WHAT IS REQUIRED: What you return should be the complete listing, unchanged, with no pictures in it.

•••

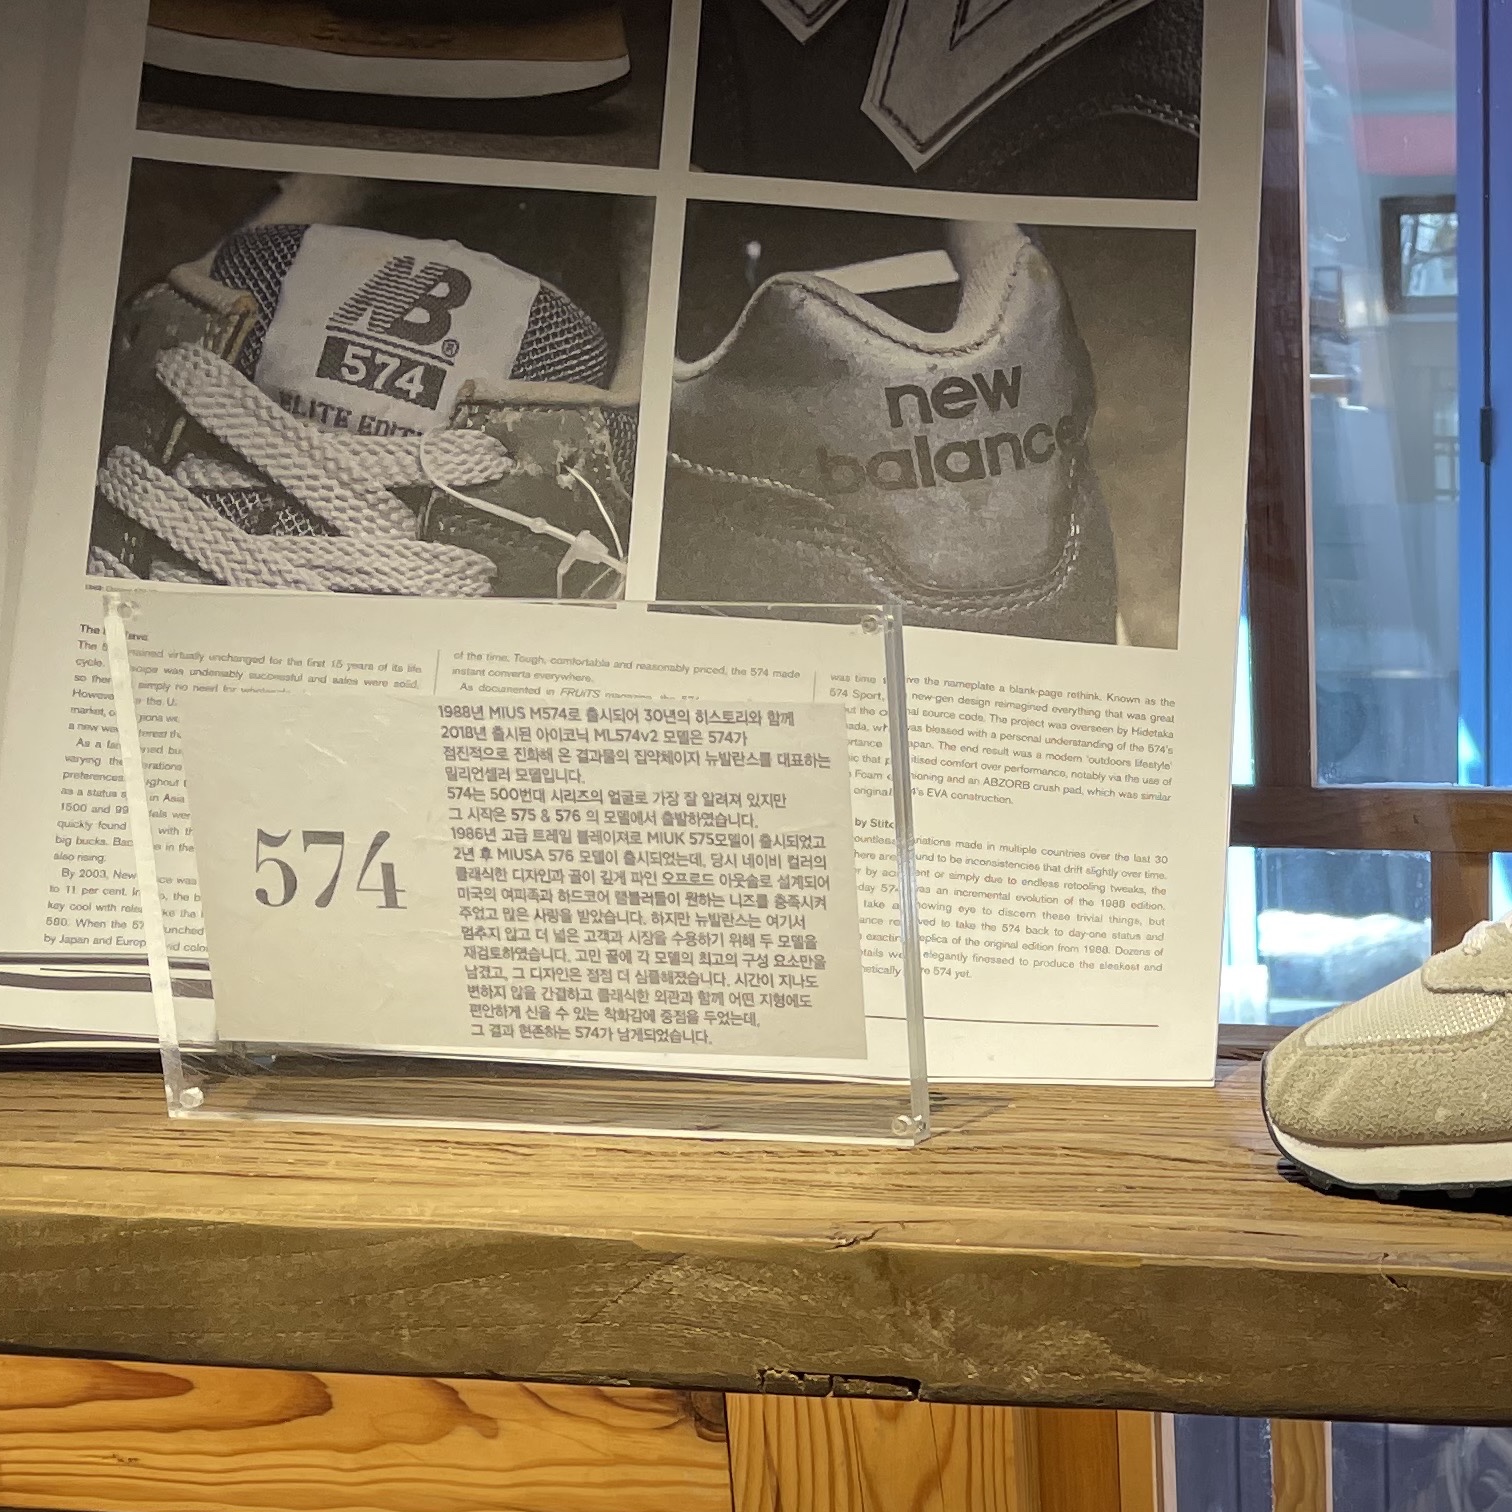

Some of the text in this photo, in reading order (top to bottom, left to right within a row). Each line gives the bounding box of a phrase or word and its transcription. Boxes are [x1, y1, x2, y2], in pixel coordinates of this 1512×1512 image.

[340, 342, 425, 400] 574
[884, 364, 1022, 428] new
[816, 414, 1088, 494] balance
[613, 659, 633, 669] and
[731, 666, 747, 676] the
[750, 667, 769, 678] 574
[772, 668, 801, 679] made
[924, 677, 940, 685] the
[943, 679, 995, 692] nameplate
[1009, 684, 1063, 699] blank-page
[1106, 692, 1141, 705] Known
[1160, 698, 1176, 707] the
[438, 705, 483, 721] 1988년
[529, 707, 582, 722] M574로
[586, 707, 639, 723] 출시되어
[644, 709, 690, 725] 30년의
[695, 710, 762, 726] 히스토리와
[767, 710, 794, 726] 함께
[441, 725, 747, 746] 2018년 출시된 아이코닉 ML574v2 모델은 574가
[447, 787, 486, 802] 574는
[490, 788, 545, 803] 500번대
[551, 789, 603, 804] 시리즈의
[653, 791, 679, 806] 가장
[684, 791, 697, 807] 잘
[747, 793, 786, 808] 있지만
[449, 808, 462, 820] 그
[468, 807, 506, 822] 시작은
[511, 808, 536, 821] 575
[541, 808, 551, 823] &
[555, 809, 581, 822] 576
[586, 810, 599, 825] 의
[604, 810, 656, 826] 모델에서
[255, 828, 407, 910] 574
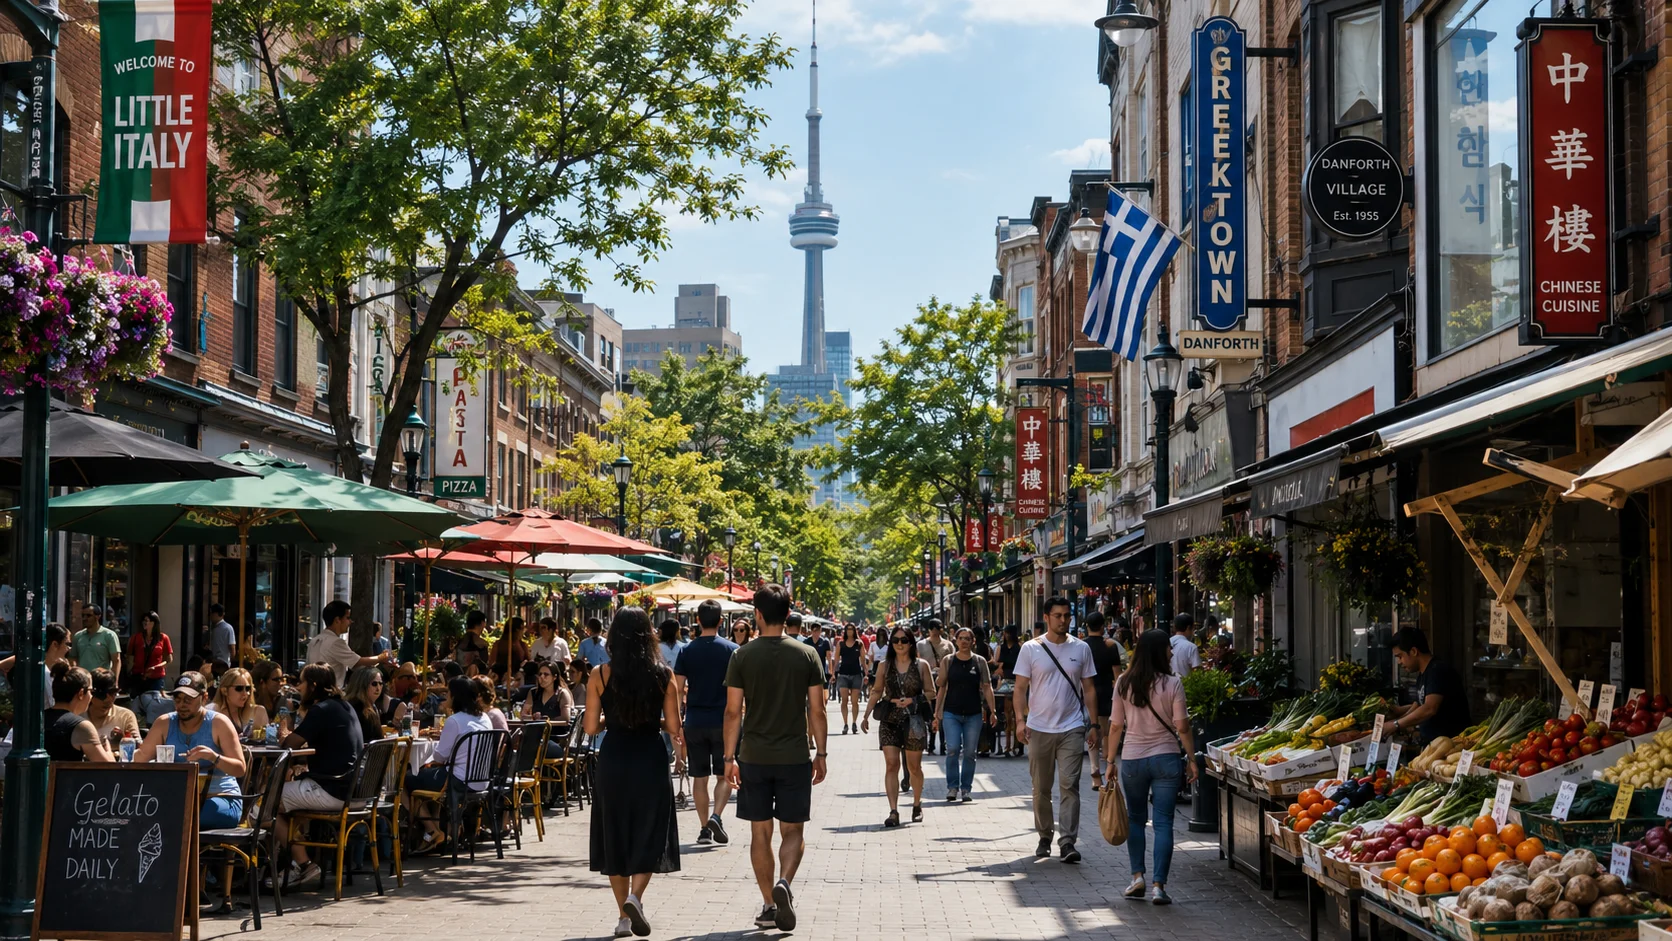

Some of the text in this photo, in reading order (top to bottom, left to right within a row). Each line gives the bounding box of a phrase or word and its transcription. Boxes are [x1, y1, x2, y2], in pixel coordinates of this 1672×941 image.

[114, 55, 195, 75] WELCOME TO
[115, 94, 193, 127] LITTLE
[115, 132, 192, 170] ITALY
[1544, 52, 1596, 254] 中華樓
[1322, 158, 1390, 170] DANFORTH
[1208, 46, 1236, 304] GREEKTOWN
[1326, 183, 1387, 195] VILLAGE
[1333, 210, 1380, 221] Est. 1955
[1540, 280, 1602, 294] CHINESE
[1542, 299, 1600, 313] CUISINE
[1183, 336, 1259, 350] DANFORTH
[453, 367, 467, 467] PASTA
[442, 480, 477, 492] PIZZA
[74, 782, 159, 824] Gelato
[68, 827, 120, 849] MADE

•••

ANSWER BELOW:
Some of the text in this photo, in reading order (top to bottom, left to right within a row). Each line gives the bounding box of a phrase or word and its transcription. Boxes are [x1, y1, x2, y2], in pixel coordinates of this 1512×1512 image.

[340, 342, 425, 400] 574
[884, 364, 1022, 428] new
[816, 414, 1088, 494] balance
[613, 659, 633, 669] and
[731, 666, 747, 676] the
[750, 667, 769, 678] 574
[772, 668, 801, 679] made
[924, 677, 940, 685] the
[943, 679, 995, 692] nameplate
[1009, 684, 1063, 699] blank-page
[1106, 692, 1141, 705] Known
[1160, 698, 1176, 707] the
[438, 705, 483, 721] 1988년
[529, 707, 582, 722] M574로
[586, 707, 639, 723] 출시되어
[644, 709, 690, 725] 30년의
[695, 710, 762, 726] 히스토리와
[767, 710, 794, 726] 함께
[441, 725, 747, 746] 2018년 출시된 아이코닉 ML574v2 모델은 574가
[447, 787, 486, 802] 574는
[490, 788, 545, 803] 500번대
[551, 789, 603, 804] 시리즈의
[653, 791, 679, 806] 가장
[684, 791, 697, 807] 잘
[747, 793, 786, 808] 있지만
[449, 808, 462, 820] 그
[468, 807, 506, 822] 시작은
[511, 808, 536, 821] 575
[541, 808, 551, 823] &
[555, 809, 581, 822] 576
[586, 810, 599, 825] 의
[604, 810, 656, 826] 모델에서
[255, 828, 407, 910] 574

Some of the text in this photo, in reading order (top to bottom, left to right within a row). Each line gives the bounding box of a phrase or word and its transcription. Boxes are [x1, y1, x2, y2], in pixel coordinates of this 1672×941 image.

[114, 55, 195, 75] WELCOME TO
[115, 94, 193, 127] LITTLE
[115, 132, 192, 170] ITALY
[1544, 52, 1596, 254] 中華樓
[1322, 158, 1390, 170] DANFORTH
[1208, 46, 1236, 304] GREEKTOWN
[1326, 183, 1387, 195] VILLAGE
[1333, 210, 1380, 221] Est. 1955
[1540, 280, 1602, 294] CHINESE
[1542, 299, 1600, 313] CUISINE
[1183, 336, 1259, 350] DANFORTH
[453, 367, 467, 467] PASTA
[442, 480, 477, 492] PIZZA
[74, 782, 159, 824] Gelato
[68, 827, 120, 849] MADE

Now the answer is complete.